> [Stored data]:

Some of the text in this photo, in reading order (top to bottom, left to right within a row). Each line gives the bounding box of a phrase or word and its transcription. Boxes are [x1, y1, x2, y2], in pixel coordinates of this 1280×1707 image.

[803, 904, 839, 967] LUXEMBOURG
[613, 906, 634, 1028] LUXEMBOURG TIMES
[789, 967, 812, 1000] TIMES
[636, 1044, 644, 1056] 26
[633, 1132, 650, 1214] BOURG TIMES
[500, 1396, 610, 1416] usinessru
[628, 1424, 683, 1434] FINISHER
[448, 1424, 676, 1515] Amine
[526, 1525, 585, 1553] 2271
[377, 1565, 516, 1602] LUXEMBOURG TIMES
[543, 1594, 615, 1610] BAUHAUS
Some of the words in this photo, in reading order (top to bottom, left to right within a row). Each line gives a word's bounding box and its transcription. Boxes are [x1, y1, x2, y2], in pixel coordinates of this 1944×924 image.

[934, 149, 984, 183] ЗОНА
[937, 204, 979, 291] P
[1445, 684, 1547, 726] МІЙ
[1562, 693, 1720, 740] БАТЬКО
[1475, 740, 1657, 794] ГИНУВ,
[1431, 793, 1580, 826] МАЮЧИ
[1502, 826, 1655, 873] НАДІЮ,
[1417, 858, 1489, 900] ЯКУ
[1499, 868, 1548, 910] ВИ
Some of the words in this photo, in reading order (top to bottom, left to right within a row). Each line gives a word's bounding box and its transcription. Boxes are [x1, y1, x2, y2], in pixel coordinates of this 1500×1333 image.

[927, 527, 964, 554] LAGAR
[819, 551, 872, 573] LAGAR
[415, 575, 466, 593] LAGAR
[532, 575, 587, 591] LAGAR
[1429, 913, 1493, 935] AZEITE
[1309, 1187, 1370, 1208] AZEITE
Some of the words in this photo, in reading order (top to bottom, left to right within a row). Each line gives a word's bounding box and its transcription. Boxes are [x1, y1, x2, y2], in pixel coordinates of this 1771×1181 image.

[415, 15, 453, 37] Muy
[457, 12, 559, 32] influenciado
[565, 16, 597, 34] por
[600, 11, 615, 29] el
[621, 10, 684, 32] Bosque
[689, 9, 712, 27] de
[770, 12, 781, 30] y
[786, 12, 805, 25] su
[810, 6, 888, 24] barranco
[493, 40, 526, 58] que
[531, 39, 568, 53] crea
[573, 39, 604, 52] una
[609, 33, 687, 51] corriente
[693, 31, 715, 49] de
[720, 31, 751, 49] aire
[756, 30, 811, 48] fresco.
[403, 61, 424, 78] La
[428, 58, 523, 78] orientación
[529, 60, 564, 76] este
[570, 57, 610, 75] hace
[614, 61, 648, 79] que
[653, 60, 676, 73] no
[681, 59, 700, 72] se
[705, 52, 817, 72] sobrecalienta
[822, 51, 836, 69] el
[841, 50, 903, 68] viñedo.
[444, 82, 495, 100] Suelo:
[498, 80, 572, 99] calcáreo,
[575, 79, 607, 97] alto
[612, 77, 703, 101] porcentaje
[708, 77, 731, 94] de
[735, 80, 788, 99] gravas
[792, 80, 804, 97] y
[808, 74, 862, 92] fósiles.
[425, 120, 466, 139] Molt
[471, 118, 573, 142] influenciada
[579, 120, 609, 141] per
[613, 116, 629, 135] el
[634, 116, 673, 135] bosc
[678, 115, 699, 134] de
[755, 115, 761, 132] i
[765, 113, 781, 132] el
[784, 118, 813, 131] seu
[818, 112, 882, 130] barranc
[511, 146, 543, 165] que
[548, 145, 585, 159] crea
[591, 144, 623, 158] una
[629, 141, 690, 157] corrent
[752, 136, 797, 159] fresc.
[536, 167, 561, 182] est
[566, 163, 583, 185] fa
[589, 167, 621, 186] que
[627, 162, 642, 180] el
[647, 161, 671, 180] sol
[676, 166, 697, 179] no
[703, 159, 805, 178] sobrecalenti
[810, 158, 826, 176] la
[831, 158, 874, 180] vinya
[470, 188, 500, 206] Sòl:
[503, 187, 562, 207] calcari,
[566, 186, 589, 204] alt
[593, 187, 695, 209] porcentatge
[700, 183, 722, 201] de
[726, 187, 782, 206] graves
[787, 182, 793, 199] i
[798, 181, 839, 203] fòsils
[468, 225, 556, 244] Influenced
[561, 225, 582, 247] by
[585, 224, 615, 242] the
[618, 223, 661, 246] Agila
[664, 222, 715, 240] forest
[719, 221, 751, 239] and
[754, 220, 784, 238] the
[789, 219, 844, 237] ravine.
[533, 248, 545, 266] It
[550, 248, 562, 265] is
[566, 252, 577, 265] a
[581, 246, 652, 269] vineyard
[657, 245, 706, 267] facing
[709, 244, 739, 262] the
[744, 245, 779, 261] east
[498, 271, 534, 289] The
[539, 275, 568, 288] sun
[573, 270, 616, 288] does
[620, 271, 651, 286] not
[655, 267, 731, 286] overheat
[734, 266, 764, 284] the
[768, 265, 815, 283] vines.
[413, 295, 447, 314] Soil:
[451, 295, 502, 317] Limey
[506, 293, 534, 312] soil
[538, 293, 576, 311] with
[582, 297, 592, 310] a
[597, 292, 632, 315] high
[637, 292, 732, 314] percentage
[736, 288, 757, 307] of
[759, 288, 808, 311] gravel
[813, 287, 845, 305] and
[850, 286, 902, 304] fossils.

> [Your task]: Each record above is to be reproduced verbatim.

> [Answer for the task]:
Some of the text in this photo, in reading order (top to bottom, left to right within a row). Each line gives the bounding box of a phrase or word and its transcription. Boxes are [x1, y1, x2, y2], in pixel coordinates of this 1280×1707 image.

[803, 904, 839, 967] LUXEMBOURG
[613, 906, 634, 1028] LUXEMBOURG TIMES
[789, 967, 812, 1000] TIMES
[636, 1044, 644, 1056] 26
[633, 1132, 650, 1214] BOURG TIMES
[500, 1396, 610, 1416] usinessru
[628, 1424, 683, 1434] FINISHER
[448, 1424, 676, 1515] Amine
[526, 1525, 585, 1553] 2271
[377, 1565, 516, 1602] LUXEMBOURG TIMES
[543, 1594, 615, 1610] BAUHAUS
Some of the words in this photo, in reading order (top to bottom, left to right within a row). Each line gives a word's bounding box and its transcription. Boxes are [x1, y1, x2, y2], in pixel coordinates of this 1944×924 image.

[934, 149, 984, 183] ЗОНА
[937, 204, 979, 291] P
[1445, 684, 1547, 726] МІЙ
[1562, 693, 1720, 740] БАТЬКО
[1475, 740, 1657, 794] ГИНУВ,
[1431, 793, 1580, 826] МАЮЧИ
[1502, 826, 1655, 873] НАДІЮ,
[1417, 858, 1489, 900] ЯКУ
[1499, 868, 1548, 910] ВИ
Some of the words in this photo, in reading order (top to bottom, left to right within a row). Each line gives a word's bounding box and its transcription. Boxes are [x1, y1, x2, y2], in pixel coordinates of this 1500×1333 image.

[927, 527, 964, 554] LAGAR
[819, 551, 872, 573] LAGAR
[415, 575, 466, 593] LAGAR
[532, 575, 587, 591] LAGAR
[1429, 913, 1493, 935] AZEITE
[1309, 1187, 1370, 1208] AZEITE
Some of the words in this photo, in reading order (top to bottom, left to right within a row). Each line gives a word's bounding box and its transcription. Boxes are [x1, y1, x2, y2], in pixel coordinates of this 1771×1181 image.

[415, 15, 453, 37] Muy
[457, 12, 559, 32] influenciado
[565, 16, 597, 34] por
[600, 11, 615, 29] el
[621, 10, 684, 32] Bosque
[689, 9, 712, 27] de
[770, 12, 781, 30] y
[786, 12, 805, 25] su
[810, 6, 888, 24] barranco
[493, 40, 526, 58] que
[531, 39, 568, 53] crea
[573, 39, 604, 52] una
[609, 33, 687, 51] corriente
[693, 31, 715, 49] de
[720, 31, 751, 49] aire
[756, 30, 811, 48] fresco.
[403, 61, 424, 78] La
[428, 58, 523, 78] orientación
[529, 60, 564, 76] este
[570, 57, 610, 75] hace
[614, 61, 648, 79] que
[653, 60, 676, 73] no
[681, 59, 700, 72] se
[705, 52, 817, 72] sobrecalienta
[822, 51, 836, 69] el
[841, 50, 903, 68] viñedo.
[444, 82, 495, 100] Suelo:
[498, 80, 572, 99] calcáreo,
[575, 79, 607, 97] alto
[612, 77, 703, 101] porcentaje
[708, 77, 731, 94] de
[735, 80, 788, 99] gravas
[792, 80, 804, 97] y
[808, 74, 862, 92] fósiles.
[425, 120, 466, 139] Molt
[471, 118, 573, 142] influenciada
[579, 120, 609, 141] per
[613, 116, 629, 135] el
[634, 116, 673, 135] bosc
[678, 115, 699, 134] de
[755, 115, 761, 132] i
[765, 113, 781, 132] el
[784, 118, 813, 131] seu
[818, 112, 882, 130] barranc
[511, 146, 543, 165] que
[548, 145, 585, 159] crea
[591, 144, 623, 158] una
[629, 141, 690, 157] corrent
[752, 136, 797, 159] fresc.
[536, 167, 561, 182] est
[566, 163, 583, 185] fa
[589, 167, 621, 186] que
[627, 162, 642, 180] el
[647, 161, 671, 180] sol
[676, 166, 697, 179] no
[703, 159, 805, 178] sobrecalenti
[810, 158, 826, 176] la
[831, 158, 874, 180] vinya
[470, 188, 500, 206] Sòl:
[503, 187, 562, 207] calcari,
[566, 186, 589, 204] alt
[593, 187, 695, 209] porcentatge
[700, 183, 722, 201] de
[726, 187, 782, 206] graves
[787, 182, 793, 199] i
[798, 181, 839, 203] fòsils
[468, 225, 556, 244] Influenced
[561, 225, 582, 247] by
[585, 224, 615, 242] the
[618, 223, 661, 246] Agila
[664, 222, 715, 240] forest
[719, 221, 751, 239] and
[754, 220, 784, 238] the
[789, 219, 844, 237] ravine.
[533, 248, 545, 266] It
[550, 248, 562, 265] is
[566, 252, 577, 265] a
[581, 246, 652, 269] vineyard
[657, 245, 706, 267] facing
[709, 244, 739, 262] the
[744, 245, 779, 261] east
[498, 271, 534, 289] The
[539, 275, 568, 288] sun
[573, 270, 616, 288] does
[620, 271, 651, 286] not
[655, 267, 731, 286] overheat
[734, 266, 764, 284] the
[768, 265, 815, 283] vines.
[413, 295, 447, 314] Soil:
[451, 295, 502, 317] Limey
[506, 293, 534, 312] soil
[538, 293, 576, 311] with
[582, 297, 592, 310] a
[597, 292, 632, 315] high
[637, 292, 732, 314] percentage
[736, 288, 757, 307] of
[759, 288, 808, 311] gravel
[813, 287, 845, 305] and
[850, 286, 902, 304] fossils.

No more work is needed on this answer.